During a deposition, the plaintiff conceded that the bleeding from his rectum did not start until about four hours after the colonoscopy procedure. Thus, Collins obtained evidence directly from the plaintiff that proved FKC&S’s client closed the polypectomy wound.
FKC&S retained a colorectal specialist to review the file. Significantly, the expert opined that (1) the injury — a delayed post-polypectomy bleed — is the type that can occur even with proper care, and (2) a delayed bleed after a polypectomy is a common risk of the procedure and can happen even in the best of hands, without any negligence by the operating physician.

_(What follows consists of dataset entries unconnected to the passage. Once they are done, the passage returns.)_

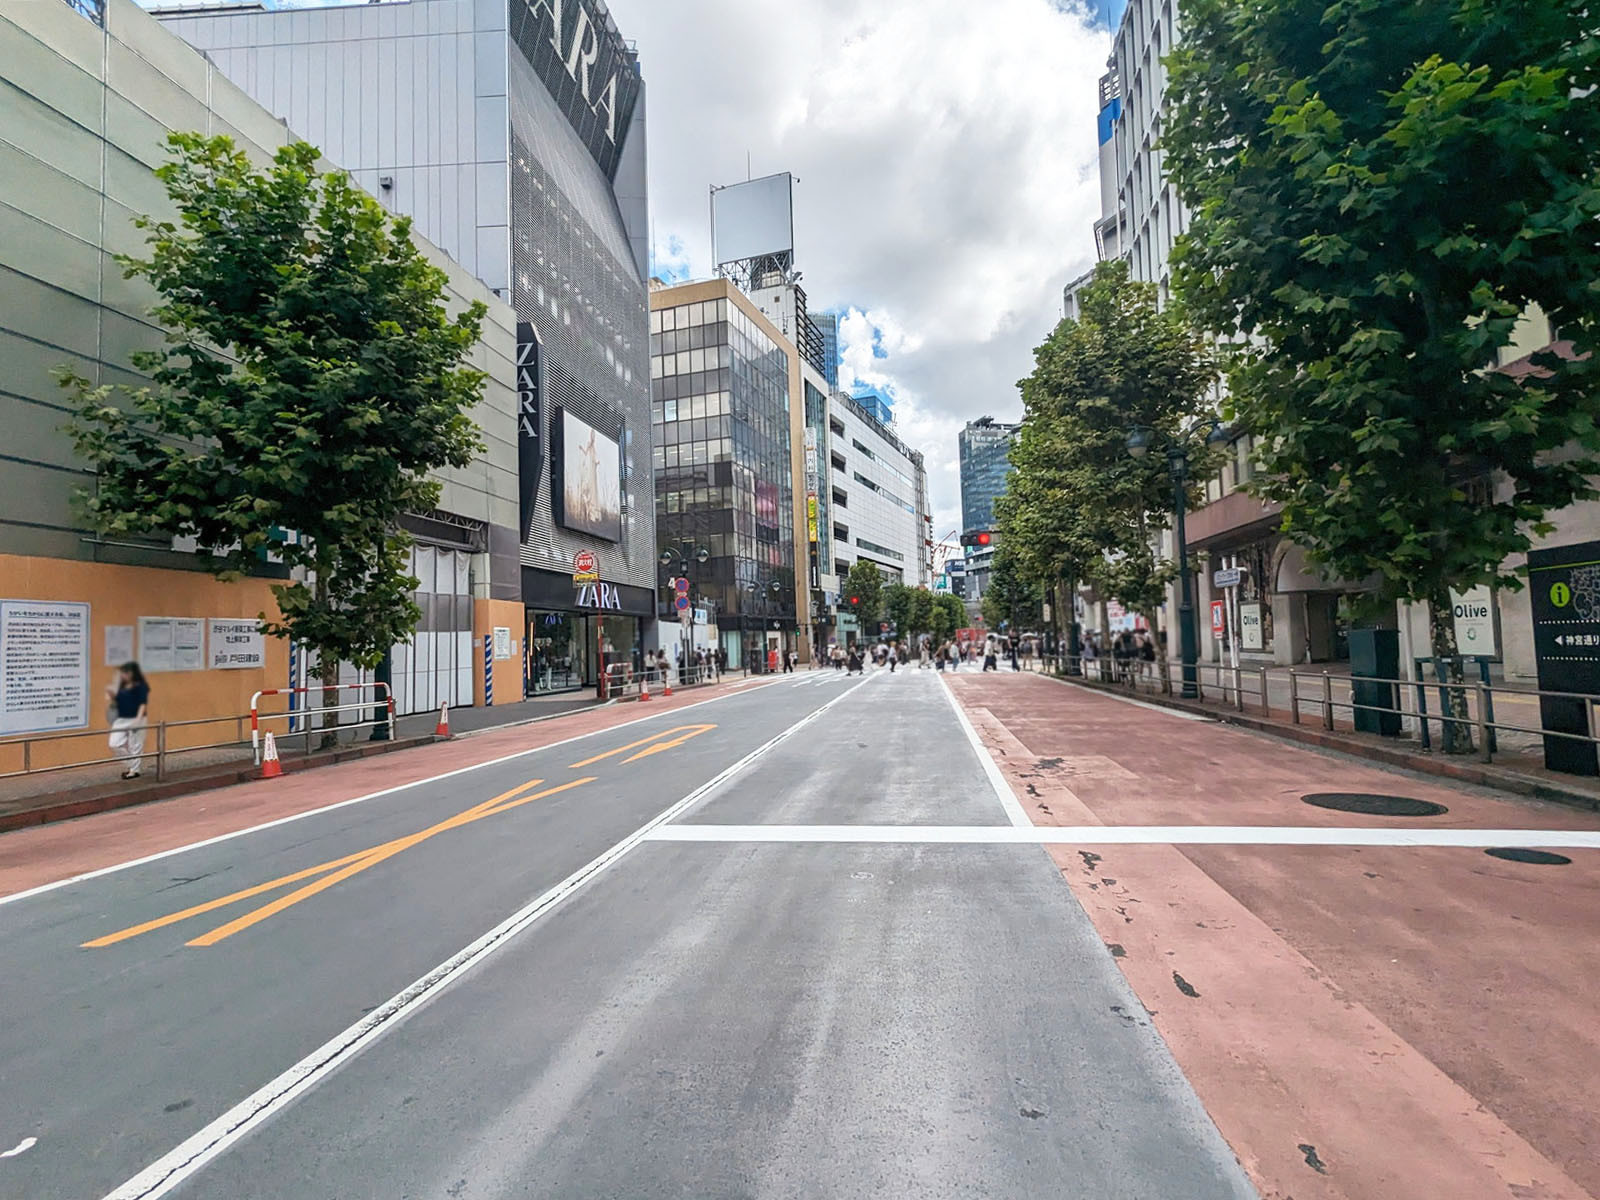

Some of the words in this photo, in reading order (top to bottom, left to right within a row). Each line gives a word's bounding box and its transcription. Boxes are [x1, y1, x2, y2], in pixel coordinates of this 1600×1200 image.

[516, 342, 538, 437] ZARA
[576, 583, 622, 610] ZARA
[1454, 604, 1487, 618] Olive
[1243, 615, 1259, 625] Olive
[1566, 634, 1600, 646] 神宮通り

Collins used an affidavit from the expert to support the motion for summary judgment. He argued that the opinions of the expert established FKC&S’s clients’ entitlement to have the plaintiff’s claims dismissed, because they could not establish the essential first element of the doctrine of res ipsa loquitur. The plaintiff’s attorney filed only an attorney affirmation in opposition to the motion for summary judgment — failing to demonstrate that a delayed bleed can occur in the absence of negligence. As a result, the court found that the affirmation in opposition failed to raise any material issue of fact warranting a trial, and accordingly granted Collins’ motion, dismissing the plaintiff’s claims against FKC&S’s clients.
Despite significant delays, FKC&S’s client was spared the burden of spending a week or more in trial — a disruption that would have impacted his patients. Collins’ persistence in securing a proper bill of particulars during discovery proved crucial in obtaining summary judgment. These efforts were instrumental to the successful motion and exemplify the dedication FKC&S attorneys bring to providing vigorous, results-driven representation.